The situation came to a potential turning point during a five-hour RUSD school board meeting on Dec. 19. Outside the office, there were competing protests between activists and parents wearing the "Save Girls Sports" t-shirts, and LGBTQ activists. 

Sources have told Fox News Digital that the LGBTQ activists at the event were harassing the protesters on the other side, and even disrupted a women's prayer group during a prayer circle prior to the meeting. 

Then inside the meeting, parents and opposing activists gave impassioned speeches on their thoughts on the situation, with multiple speakers yelling in hysterical tones. But Ryan Starling, who stayed for the whole meeting, got a glimmer of hope toward the end of the meeting. He says that after it was over, a newly-inducted board member spoke to the girls who were there to protest the trans athlete, and that the new board member suggested that their problem would be solved once President-elect Trump takes office on Jan. 20. 

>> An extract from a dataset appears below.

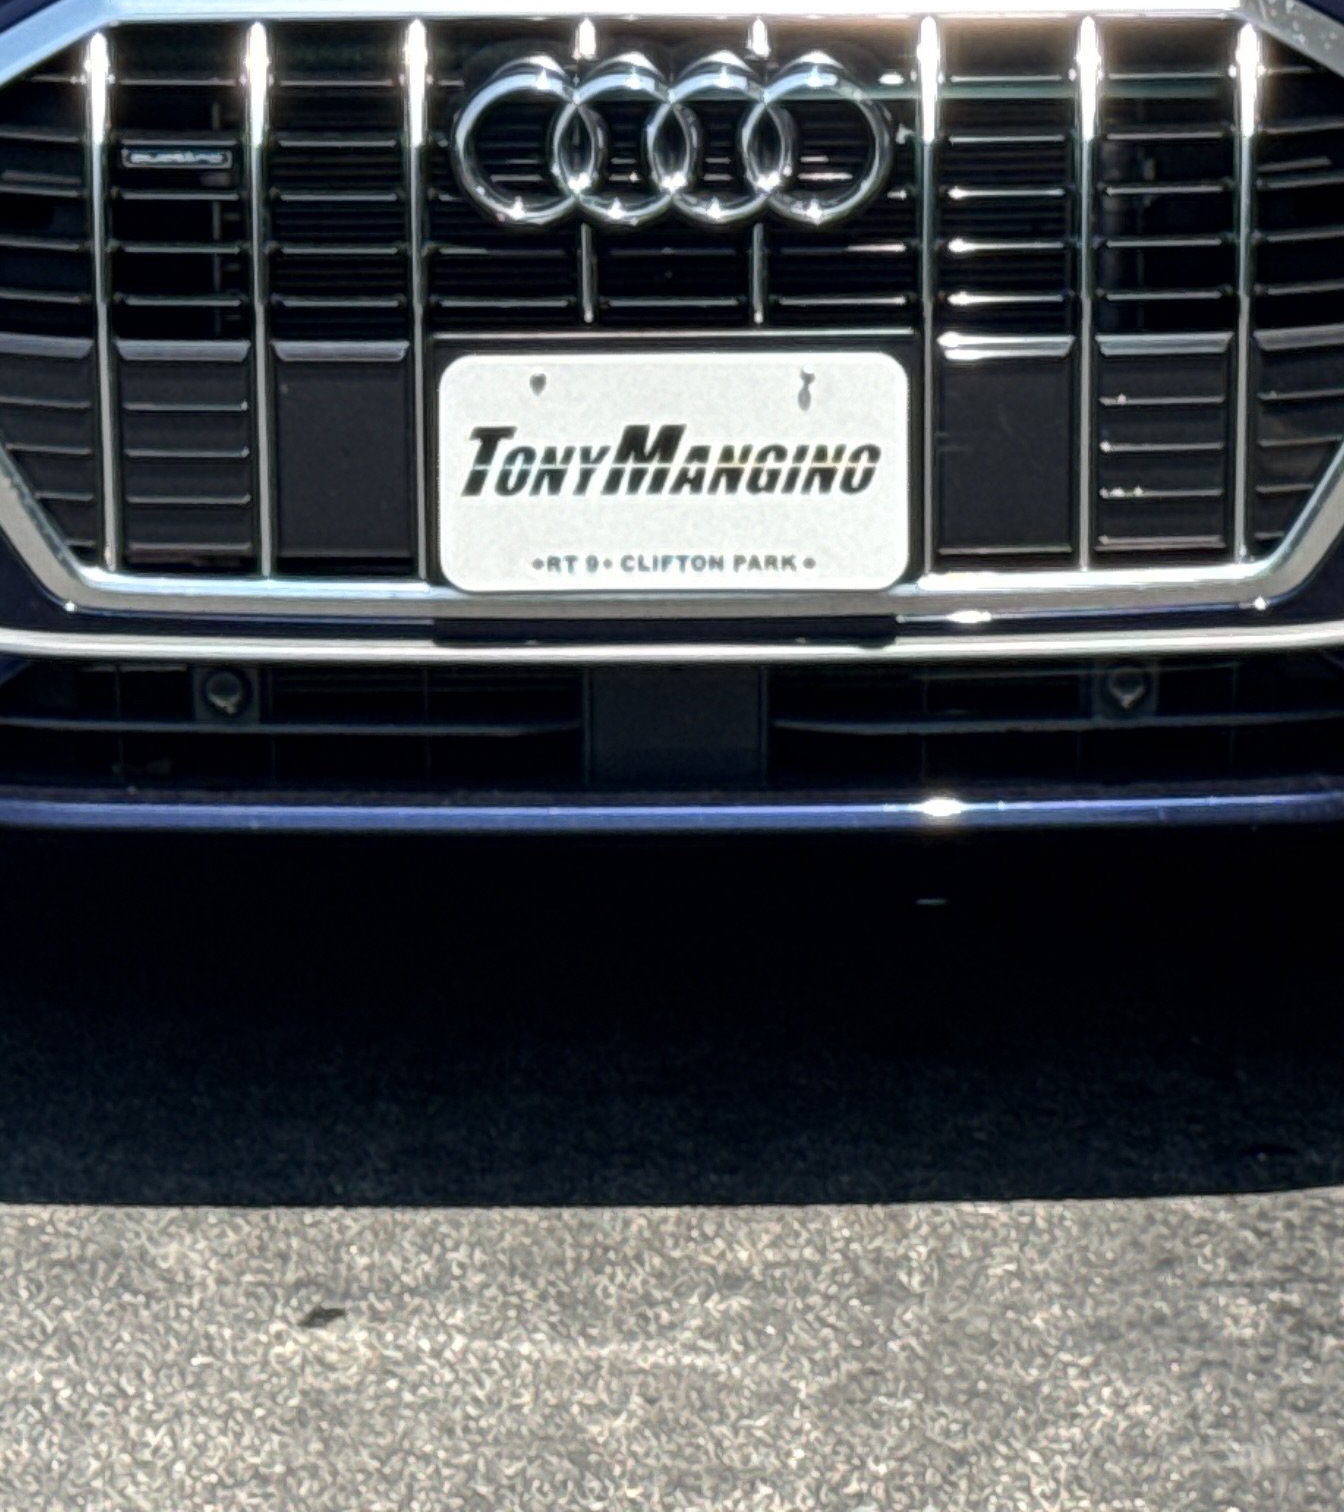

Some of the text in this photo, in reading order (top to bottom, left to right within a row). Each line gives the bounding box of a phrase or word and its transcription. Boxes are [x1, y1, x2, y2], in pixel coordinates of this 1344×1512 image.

[547, 555, 797, 573] RT 9 CLIFTON PARK
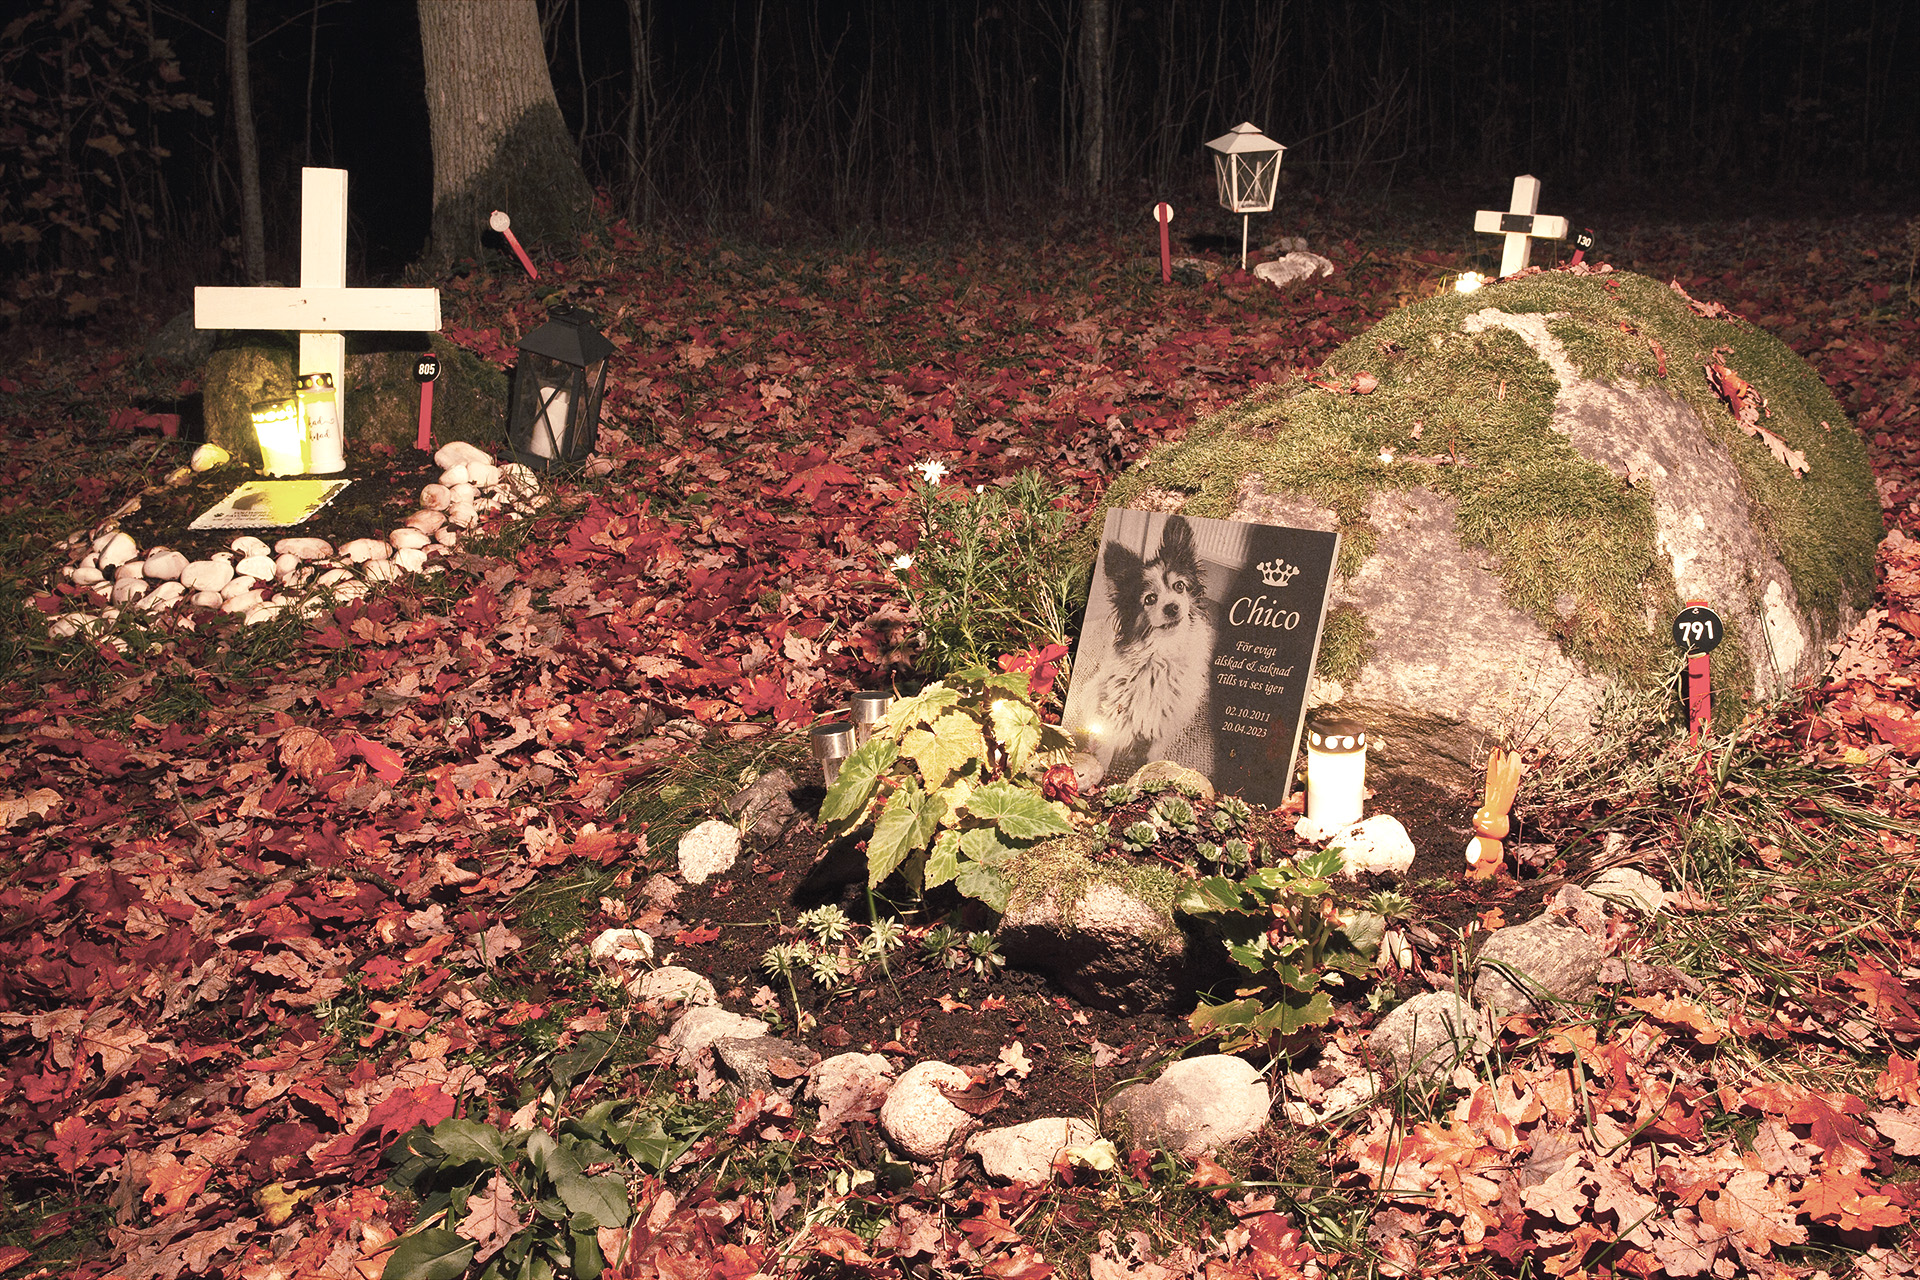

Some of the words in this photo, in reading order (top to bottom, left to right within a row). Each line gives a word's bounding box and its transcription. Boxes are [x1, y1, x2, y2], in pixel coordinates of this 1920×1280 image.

"Don't worry girls, we have your back, wait till January 20th," the new board member said, according to Ryan Starling. 

Trump has pledged to ban trans athletes from women's and girls' sports, and the new Republican-controlled congress has indicated an intention to do so as well. 

The House rules package for the 119th Congress was posted this week, and the first step in its order of business is a bill that would bring about Title IX revisions that would only allow athletes to compete in the gender category that they were assigned at birth. 

However, California and Governor Gavin Newsom have vowed to resist the incoming Trump administration.